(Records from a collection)

····················

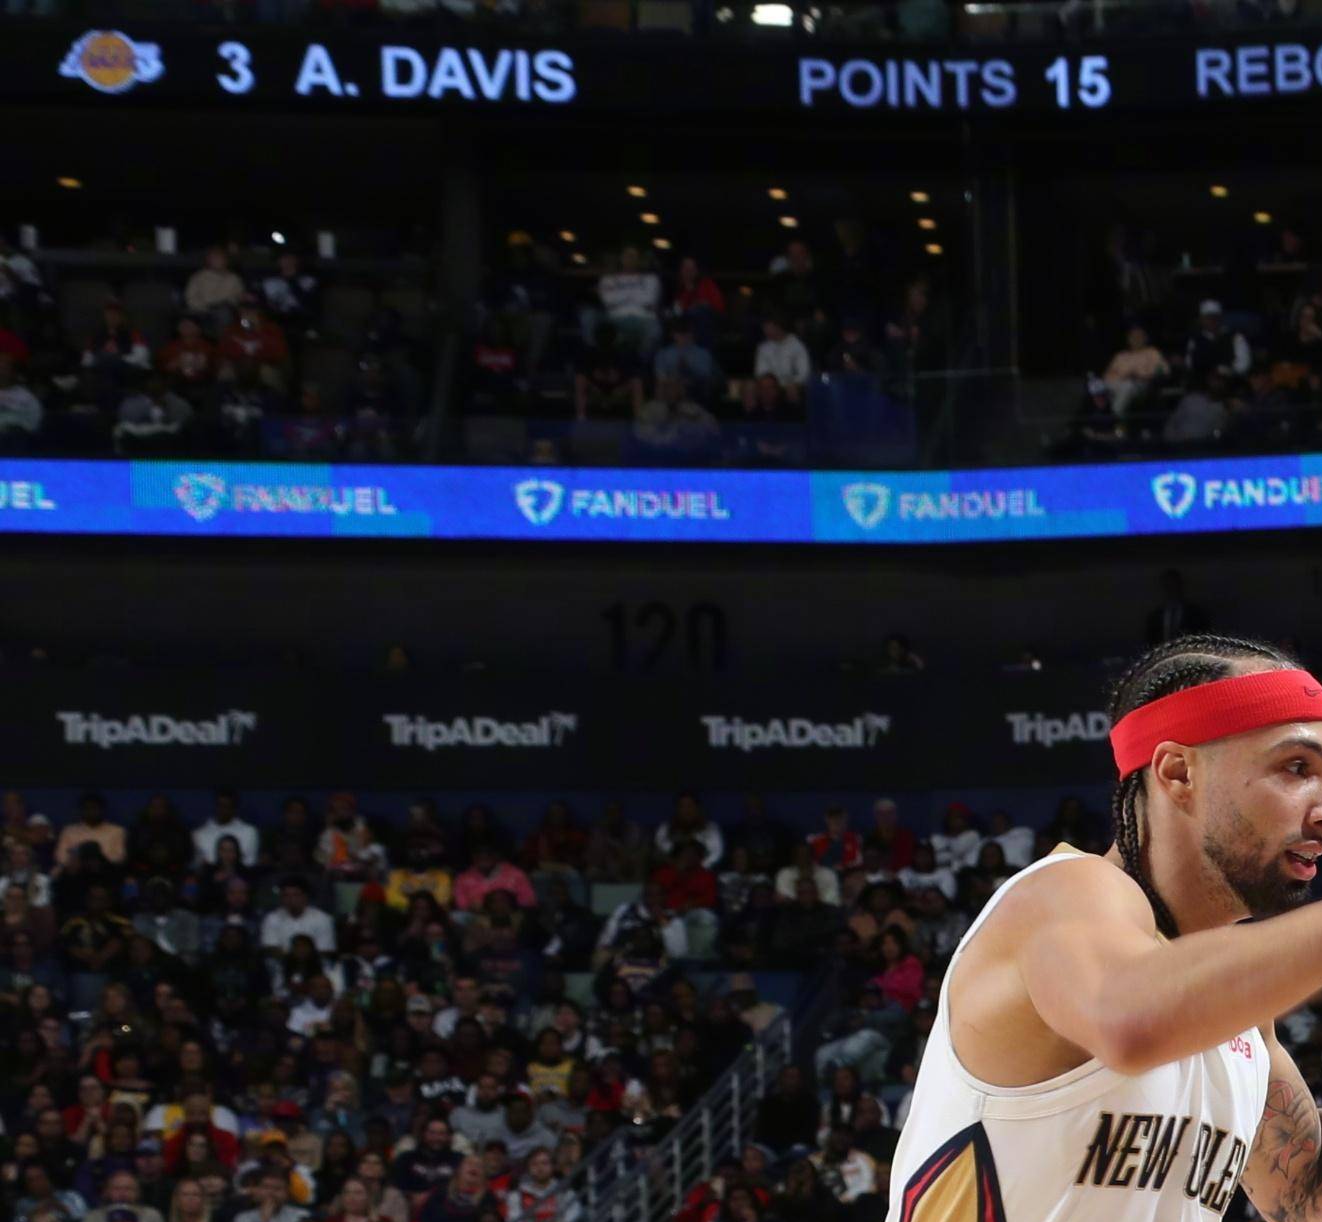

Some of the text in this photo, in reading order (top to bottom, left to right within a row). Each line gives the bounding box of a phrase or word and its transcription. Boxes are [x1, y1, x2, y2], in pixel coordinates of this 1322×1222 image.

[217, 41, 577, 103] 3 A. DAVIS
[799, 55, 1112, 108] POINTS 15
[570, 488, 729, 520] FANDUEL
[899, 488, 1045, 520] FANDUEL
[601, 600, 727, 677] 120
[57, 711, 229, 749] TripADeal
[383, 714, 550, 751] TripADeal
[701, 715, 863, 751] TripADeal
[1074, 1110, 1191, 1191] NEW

····················

**EXERCISE**
Print each record exactly as it stands, skipping the pictures.

**SOLUTION TO THE PROBLEM**
Some of the text in this photo, in reading order (top to bottom, left to right within a row). Each line gives the bounding box of a phrase or word and its transcription. Boxes are [x1, y1, x2, y2], in pixel coordinates of this 1322×1222 image.

[217, 41, 577, 103] 3 A. DAVIS
[799, 55, 1112, 108] POINTS 15
[570, 488, 729, 520] FANDUEL
[899, 488, 1045, 520] FANDUEL
[601, 600, 727, 677] 120
[57, 711, 229, 749] TripADeal
[383, 714, 550, 751] TripADeal
[701, 715, 863, 751] TripADeal
[1074, 1110, 1191, 1191] NEW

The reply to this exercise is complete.